Exercise objective: A faithful copy of the data below is required, leaving out every picture.

[Spatial localization data]

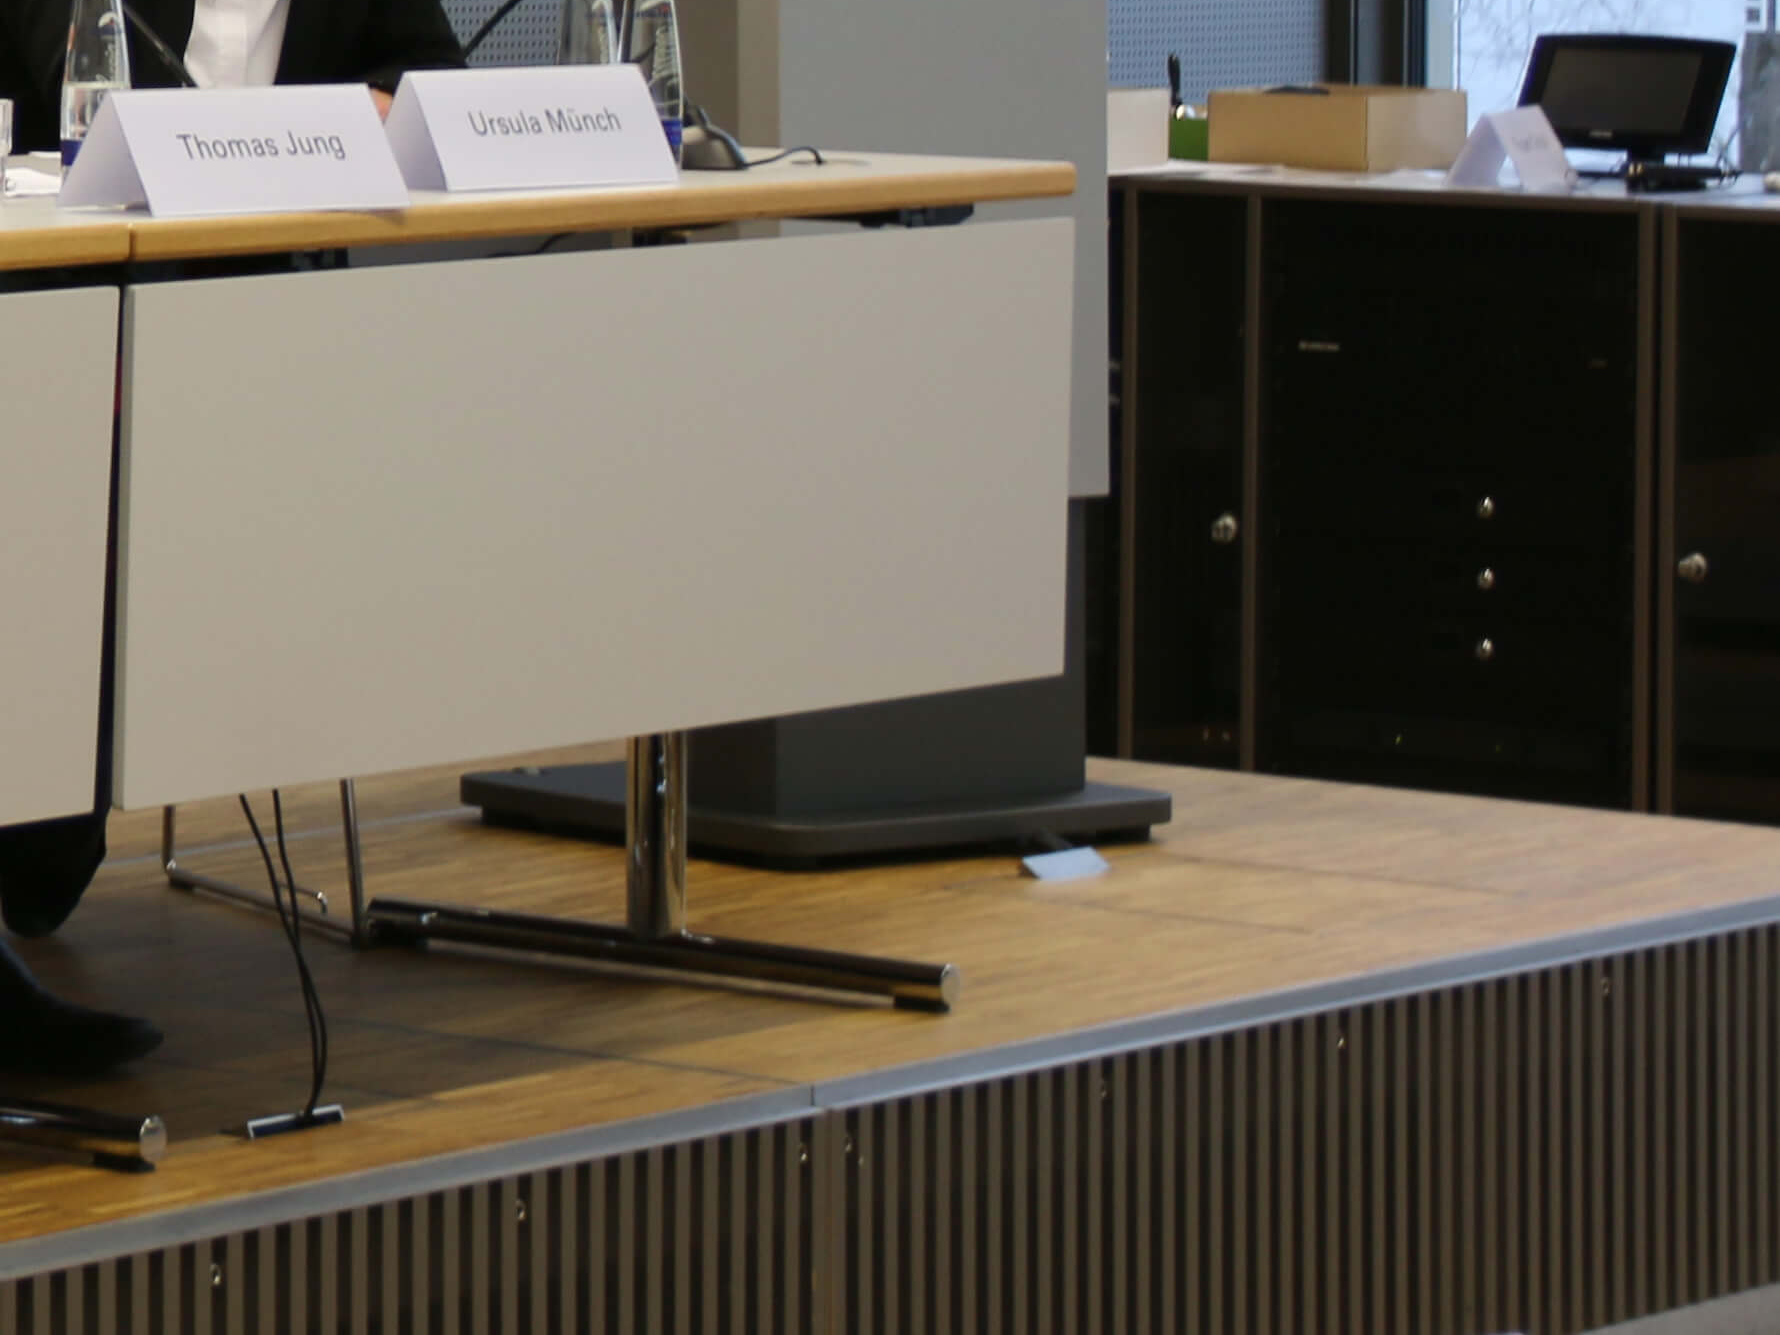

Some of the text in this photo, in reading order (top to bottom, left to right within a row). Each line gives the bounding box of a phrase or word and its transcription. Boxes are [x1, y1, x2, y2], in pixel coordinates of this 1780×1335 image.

[468, 106, 623, 137] Ursula Münch
[176, 130, 346, 160] Thomas Jung
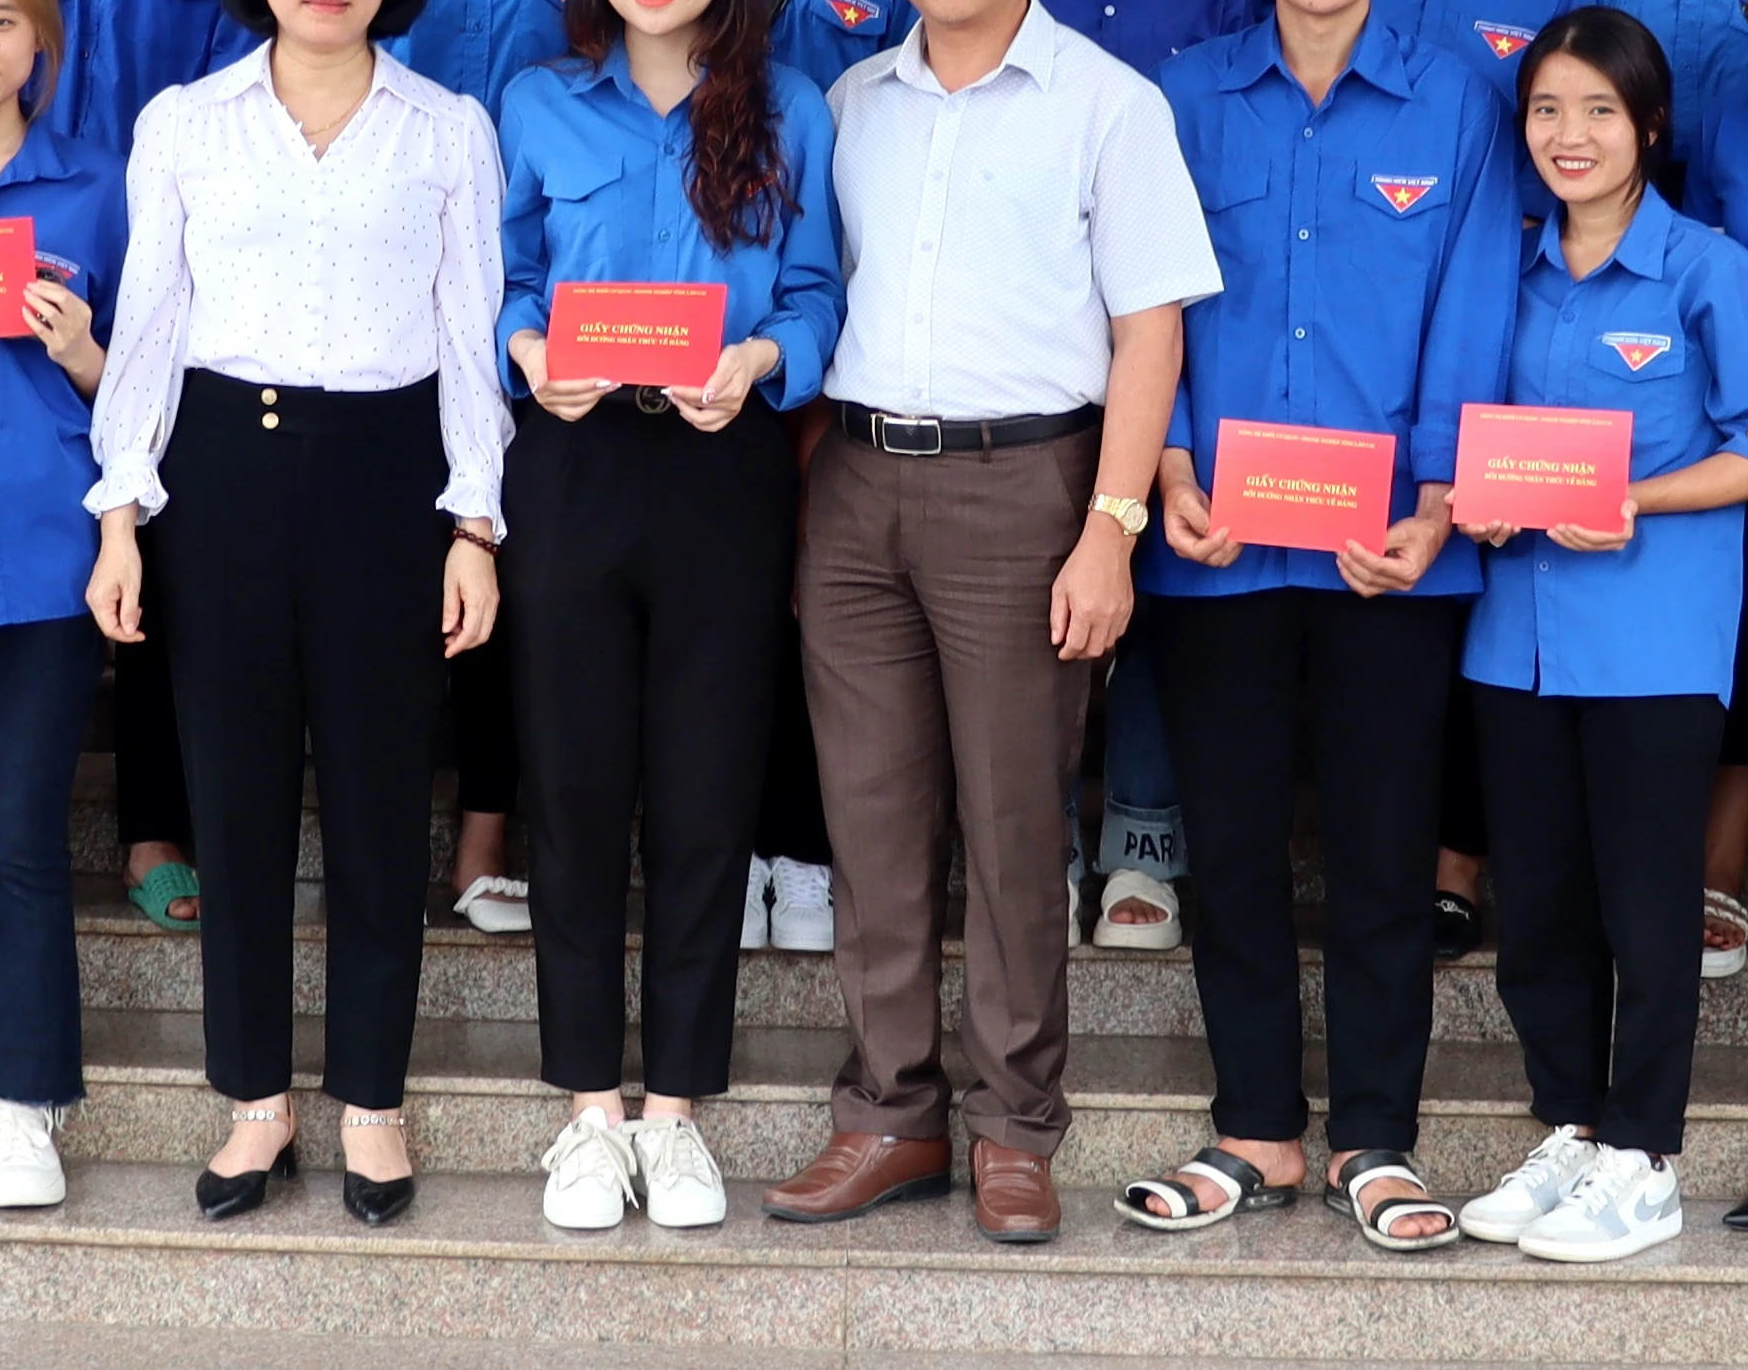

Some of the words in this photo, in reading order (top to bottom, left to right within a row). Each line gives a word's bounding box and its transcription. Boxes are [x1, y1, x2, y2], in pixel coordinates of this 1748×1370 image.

[580, 321, 609, 334] GIẤY
[612, 322, 653, 336] CHỨNG
[656, 323, 689, 337] NHẬN
[1488, 456, 1517, 470] GIẤY
[1519, 457, 1560, 473] CHỨNG
[1563, 460, 1595, 475] NHẬN
[1246, 473, 1276, 489] GIẤY
[1278, 476, 1320, 493] CHỨNG
[1323, 480, 1357, 496] NHẬN
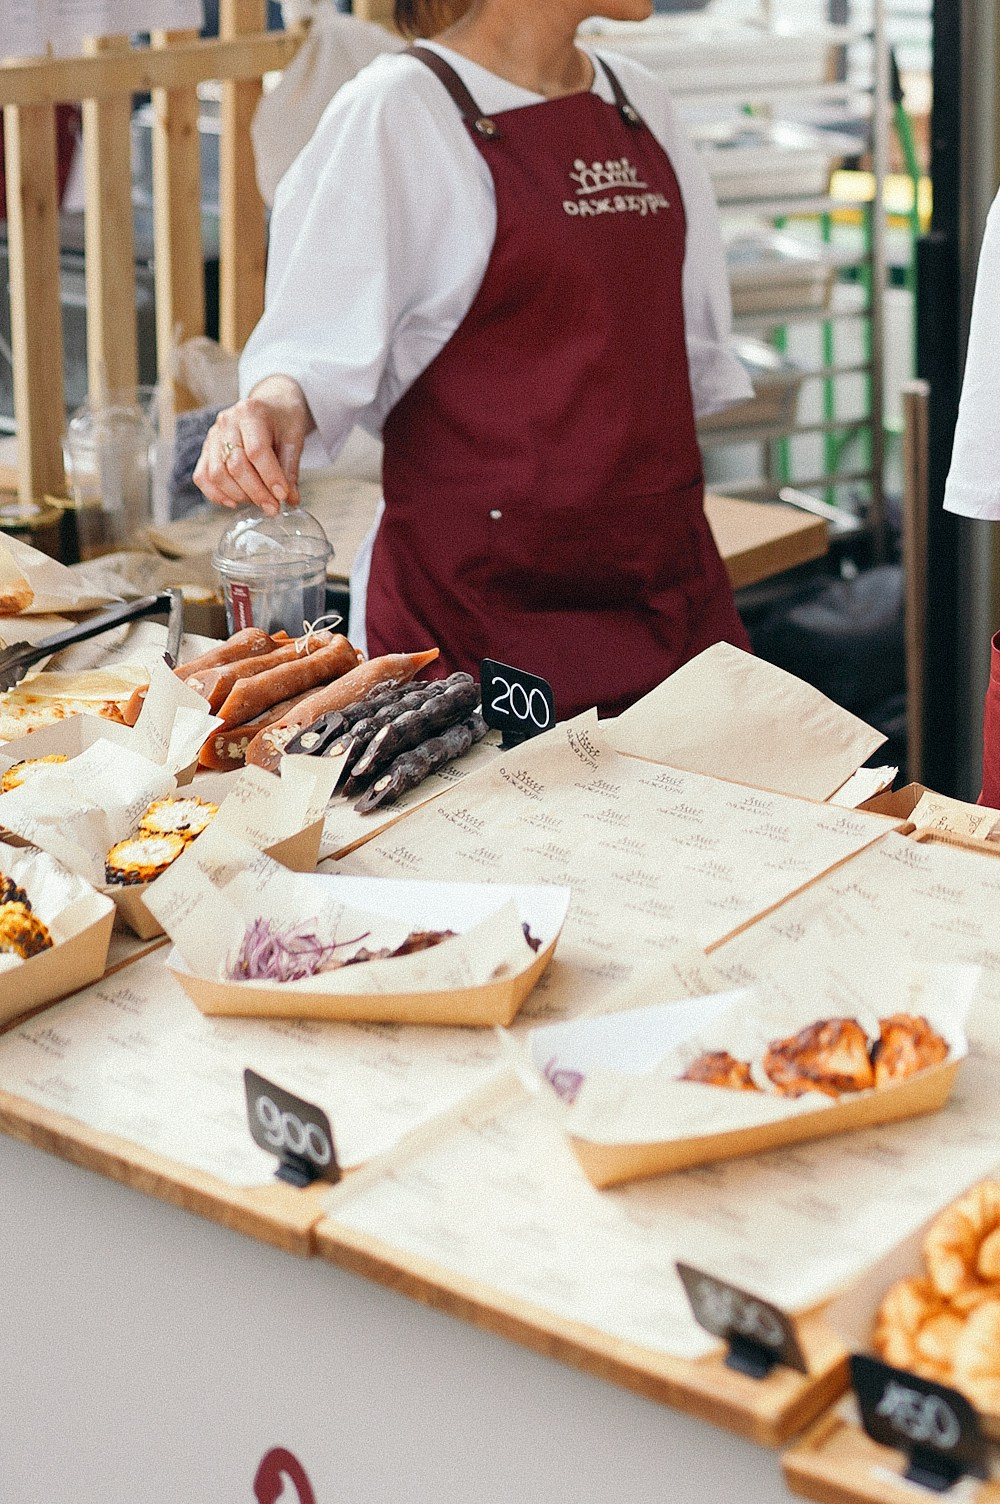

Output of the task:
Some of the text in this photo, in reading order (top to bottom, left to right within a row). Each line gives the bounding box of a phrase or word and its transcription. Boxes are [x1, y1, x2, y2], in pixel coordinates of this 1780×1335 image.

[468, 106, 623, 137] Ursula Münch
[176, 130, 346, 160] Thomas Jung

Some of the words in this photo, in reading order (top to bottom, left to right within a row). Each line gives a word's bounding box and its transcription. Boxes are [x1, y1, x2, y2], in pixel coordinates of this 1748×1370 image.

[580, 321, 609, 334] GIẤY
[612, 322, 653, 336] CHỨNG
[656, 323, 689, 337] NHẬN
[1488, 456, 1517, 470] GIẤY
[1519, 457, 1560, 473] CHỨNG
[1563, 460, 1595, 475] NHẬN
[1246, 473, 1276, 489] GIẤY
[1278, 476, 1320, 493] CHỨNG
[1323, 480, 1357, 496] NHẬN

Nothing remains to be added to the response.